> **PROBLEM REQUIREMENTS**
Exclude the pictures and reproduce the remaining data exactly as written.

> **INPUT RECORDS**

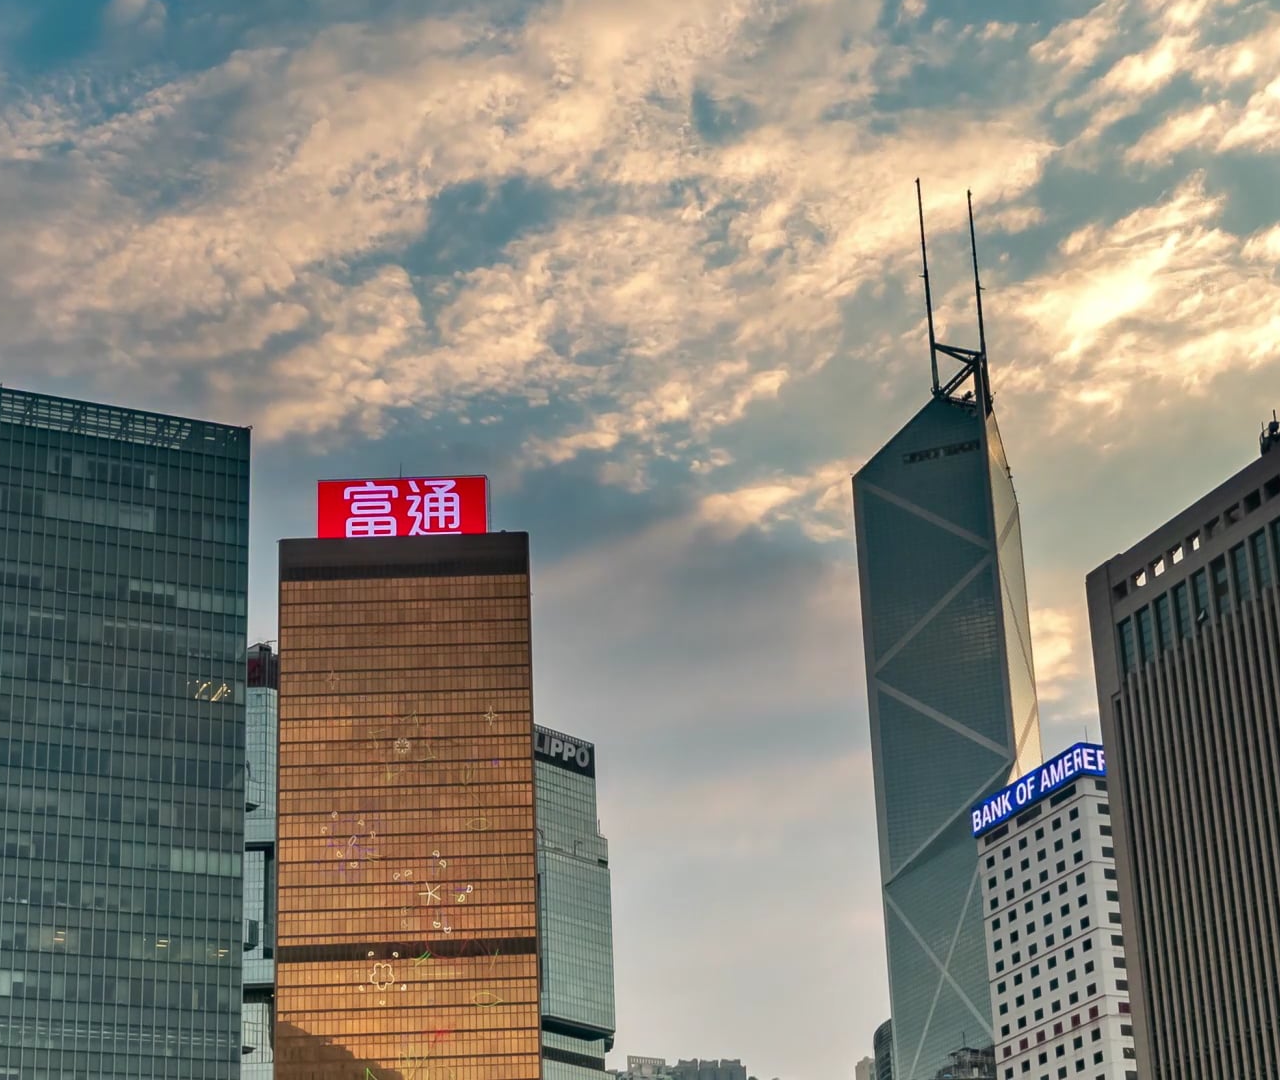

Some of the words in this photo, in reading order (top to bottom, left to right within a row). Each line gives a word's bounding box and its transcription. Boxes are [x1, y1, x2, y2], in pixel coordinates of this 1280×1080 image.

[344, 480, 462, 538] 富通
[535, 732, 589, 768] LIPPO
[972, 790, 1012, 833] BANK
[1016, 776, 1035, 806] OF

> **EXERCISE SOLUTION**
Some of the words in this photo, in reading order (top to bottom, left to right within a row). Each line gives a word's bounding box and its transcription. Boxes are [x1, y1, x2, y2], in pixel coordinates of this 1280×1080 image.

[344, 480, 462, 538] 富通
[535, 732, 589, 768] LIPPO
[972, 790, 1012, 833] BANK
[1016, 776, 1035, 806] OF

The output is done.